**Work item:** Leaving out all images, write out the records that follow exactly.

========

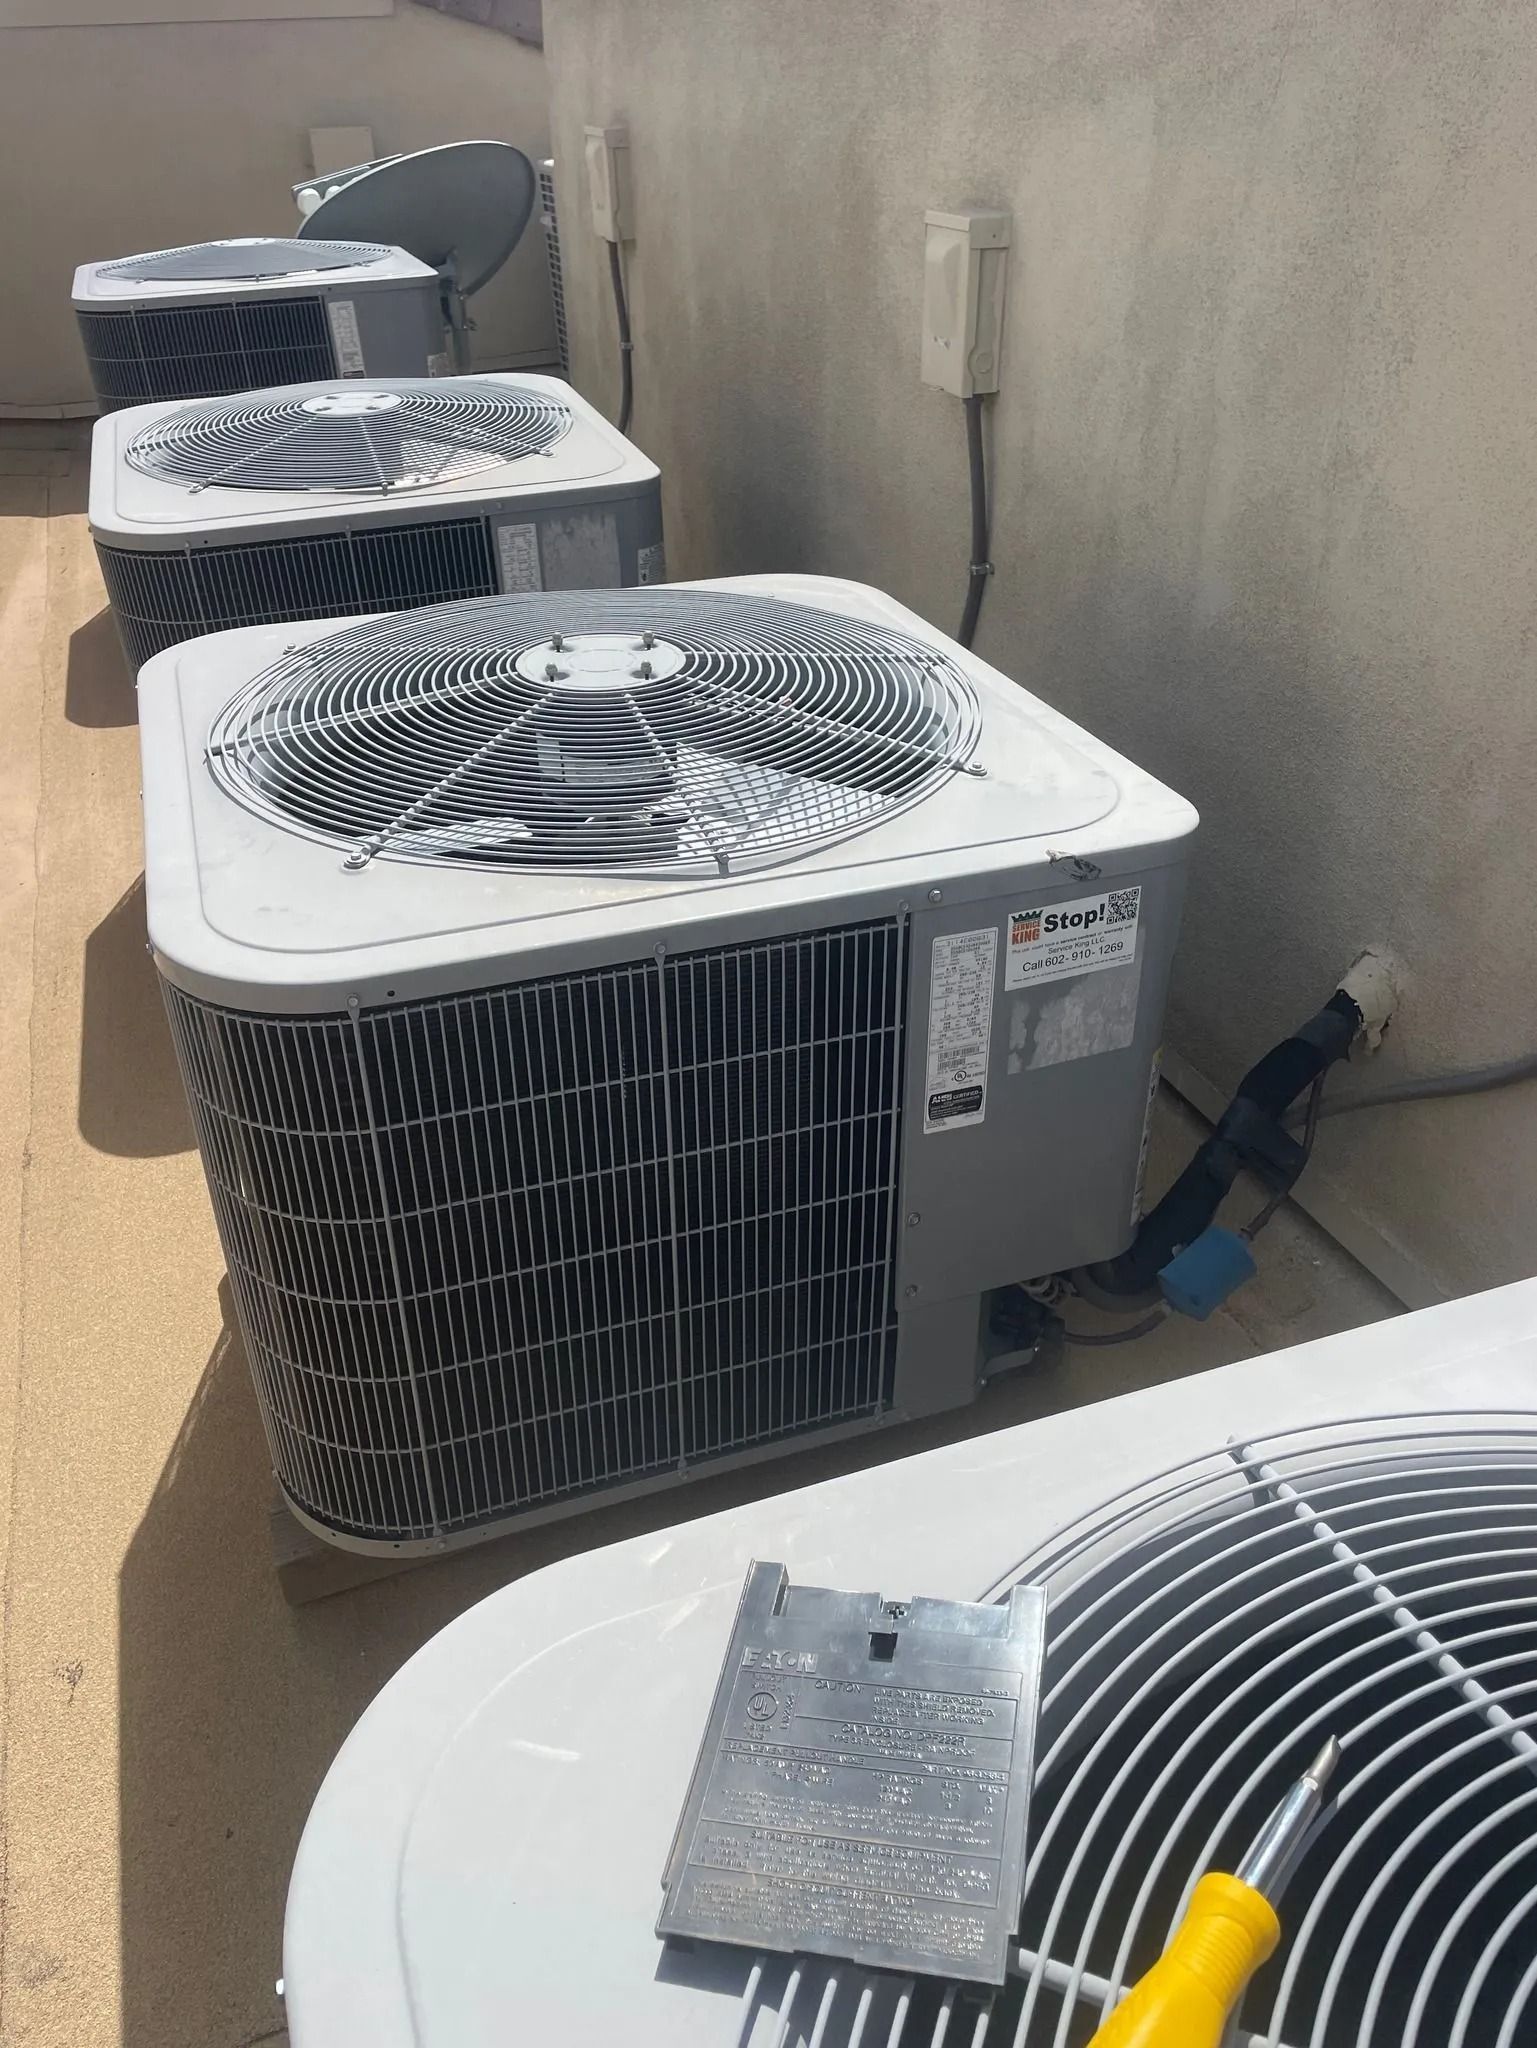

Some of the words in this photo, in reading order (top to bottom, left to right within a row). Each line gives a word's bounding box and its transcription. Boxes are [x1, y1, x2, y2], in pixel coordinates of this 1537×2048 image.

[1012, 919, 1040, 932] SERVICE
[1043, 903, 1105, 937] Stop!
[1011, 927, 1040, 945] KING
[1047, 943, 1072, 954] Service
[1074, 939, 1089, 949] King
[1091, 936, 1104, 944] LLC
[1022, 958, 1042, 972] Call
[743, 1647, 818, 1672] EATON
[753, 1698, 770, 1714] UL
[873, 1697, 892, 1705] WITH
[897, 1700, 915, 1708] THIS
[917, 1702, 946, 1711] SHIELD
[875, 1688, 891, 1696] LIVE
[896, 1690, 920, 1699] PARTS
[923, 1693, 941, 1701] ARE
[942, 1695, 982, 1706] EXPOSED
[872, 1706, 910, 1716] REPLACE
[941, 1713, 984, 1724] WORKING
[841, 1723, 891, 1737] CATALOG
[917, 1732, 965, 1746] DPF222R
[750, 1830, 793, 1843] SUITABLE
[837, 1842, 850, 1851] AS
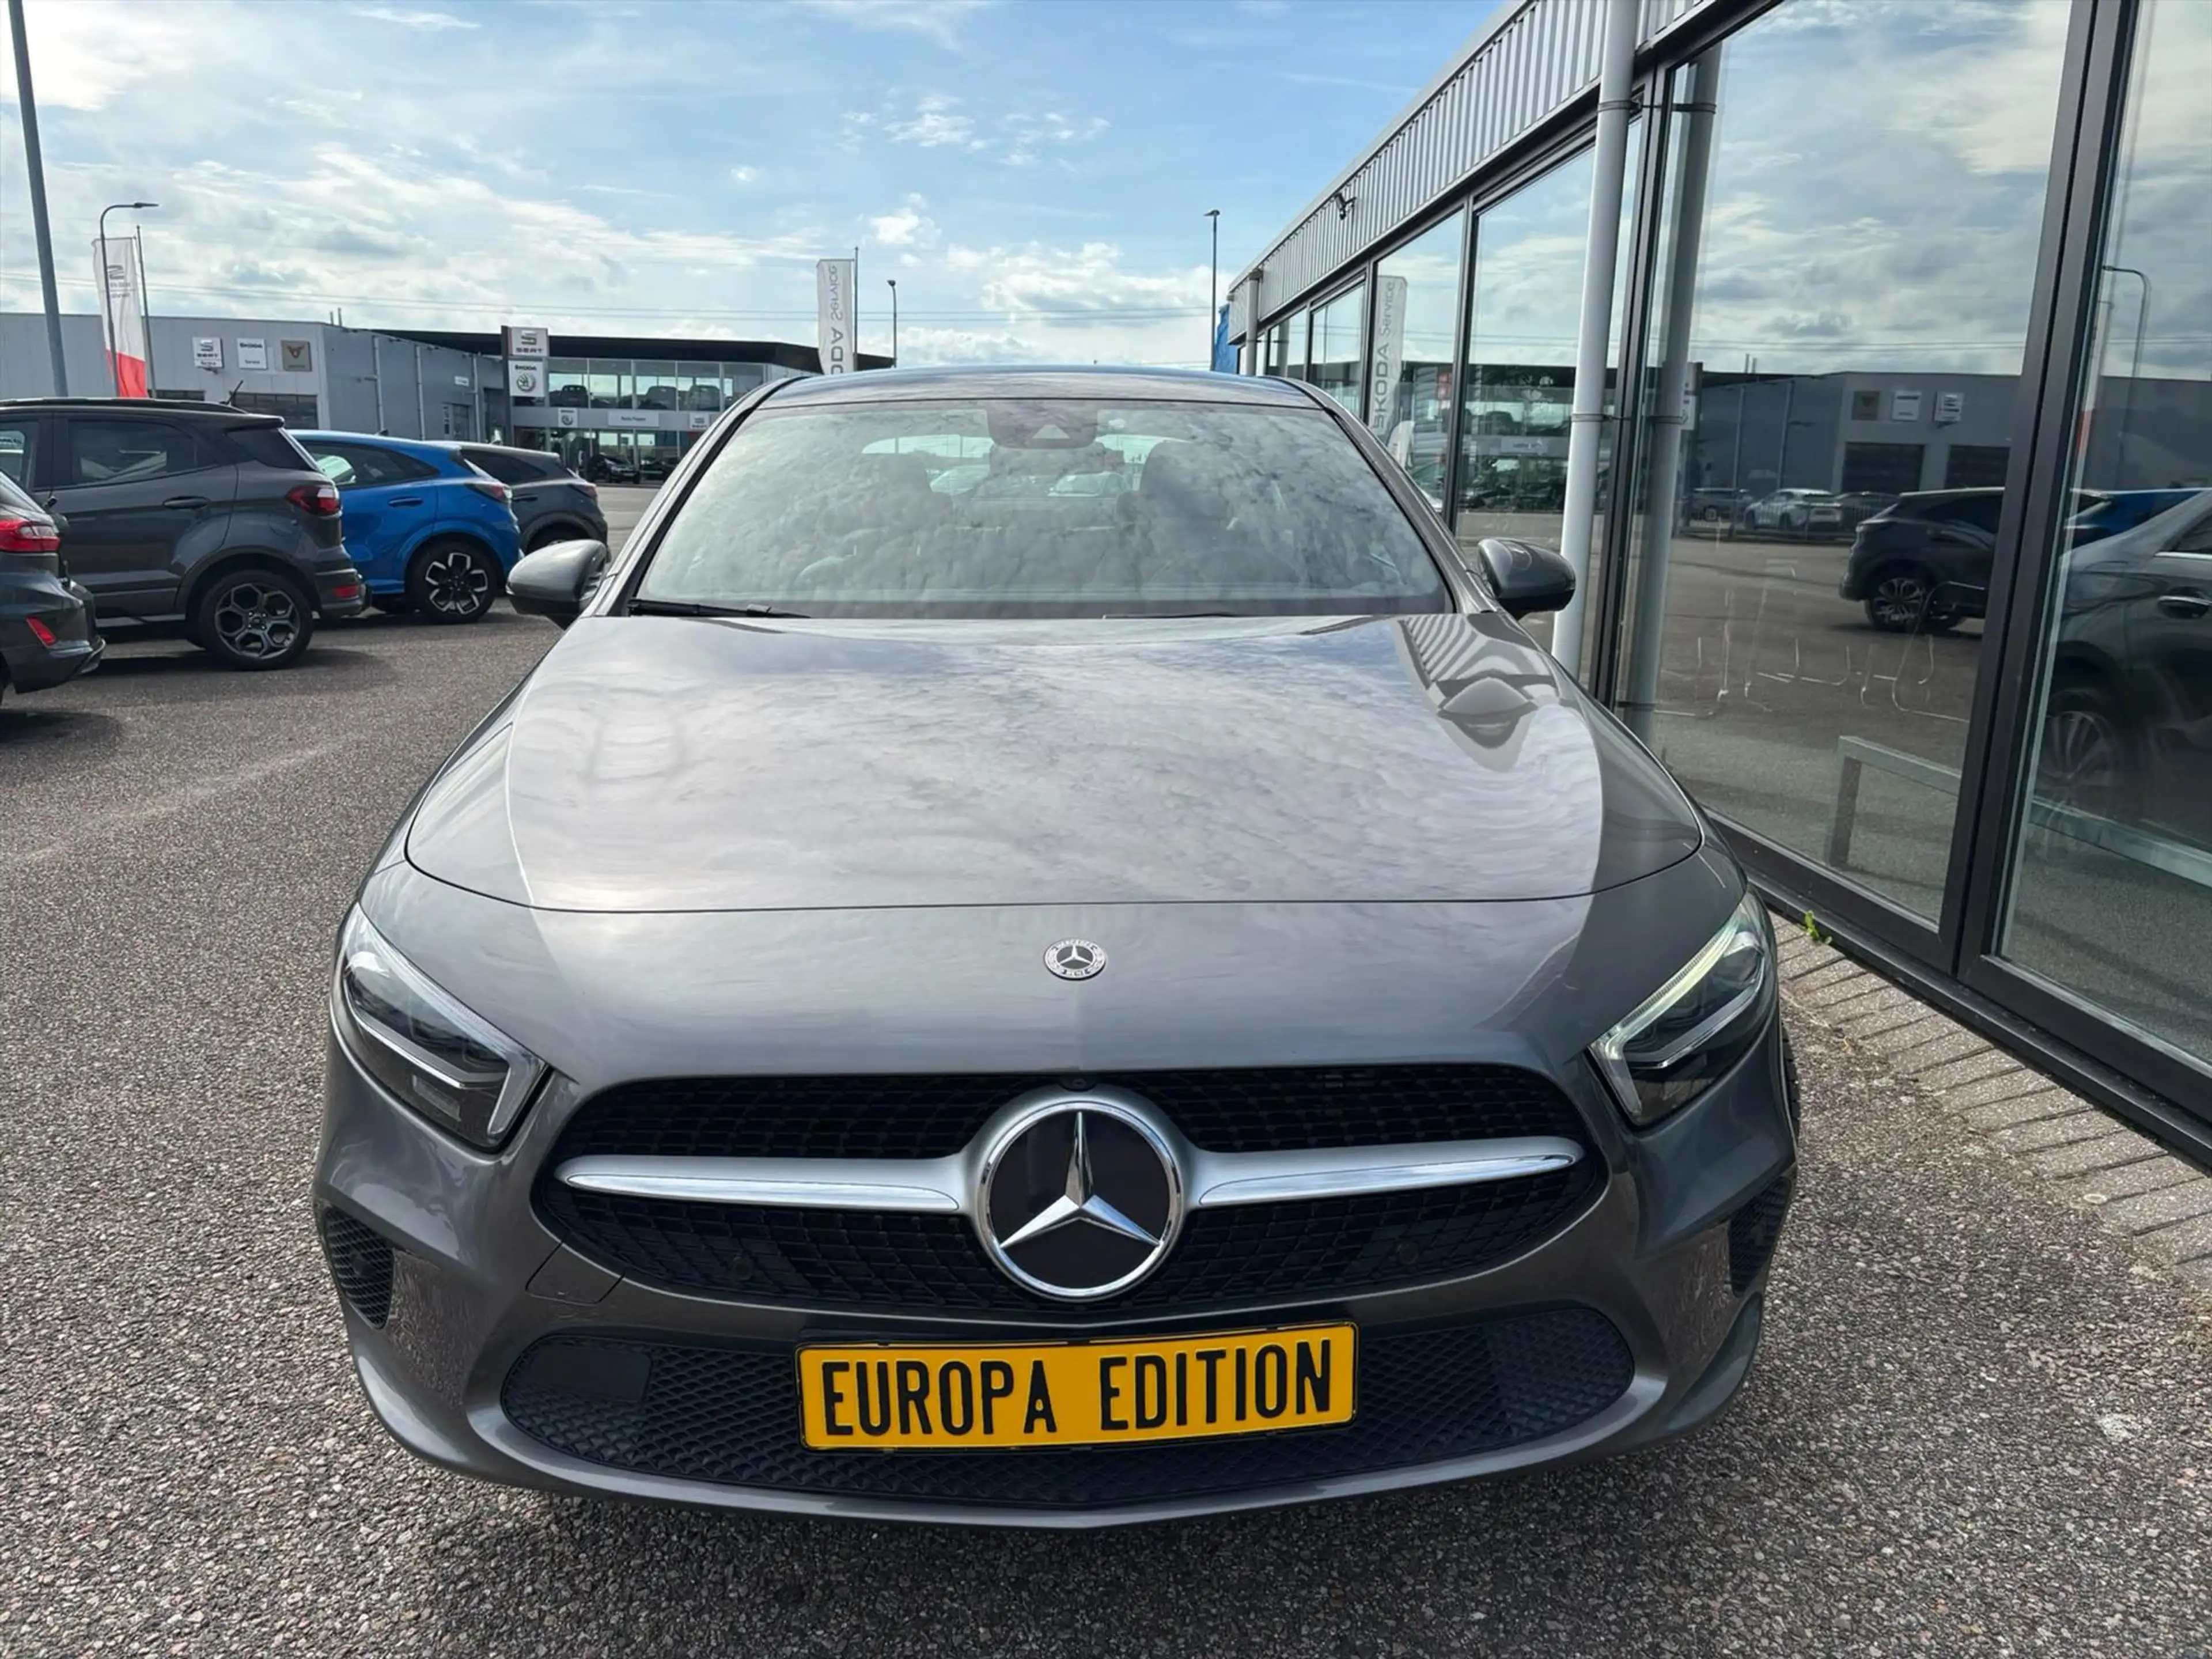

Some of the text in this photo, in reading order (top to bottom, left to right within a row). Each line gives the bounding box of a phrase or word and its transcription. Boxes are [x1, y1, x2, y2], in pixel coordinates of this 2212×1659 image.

========

**Answer to this problem:**
Some of the words in this photo, in reading order (top to bottom, left to right within a row). Each line gives a word's bounding box and its transcription. Boxes are [x1, y1, x2, y2], in pixel coordinates of this 1537×2048 image.

[1012, 919, 1040, 932] SERVICE
[1043, 903, 1105, 937] Stop!
[1011, 927, 1040, 945] KING
[1047, 943, 1072, 954] Service
[1074, 939, 1089, 949] King
[1091, 936, 1104, 944] LLC
[1022, 958, 1042, 972] Call
[743, 1647, 818, 1672] EATON
[753, 1698, 770, 1714] UL
[873, 1697, 892, 1705] WITH
[897, 1700, 915, 1708] THIS
[917, 1702, 946, 1711] SHIELD
[875, 1688, 891, 1696] LIVE
[896, 1690, 920, 1699] PARTS
[923, 1693, 941, 1701] ARE
[942, 1695, 982, 1706] EXPOSED
[872, 1706, 910, 1716] REPLACE
[941, 1713, 984, 1724] WORKING
[841, 1723, 891, 1737] CATALOG
[917, 1732, 965, 1746] DPF222R
[750, 1830, 793, 1843] SUITABLE
[837, 1842, 850, 1851] AS

Some of the text in this photo, in reading order (top to bottom, left to right within a row). Each line gives the bounding box of a phrase or word and its transcription. Boxes are [x1, y1, x2, y2], in pixel coordinates of this 2212×1659 image.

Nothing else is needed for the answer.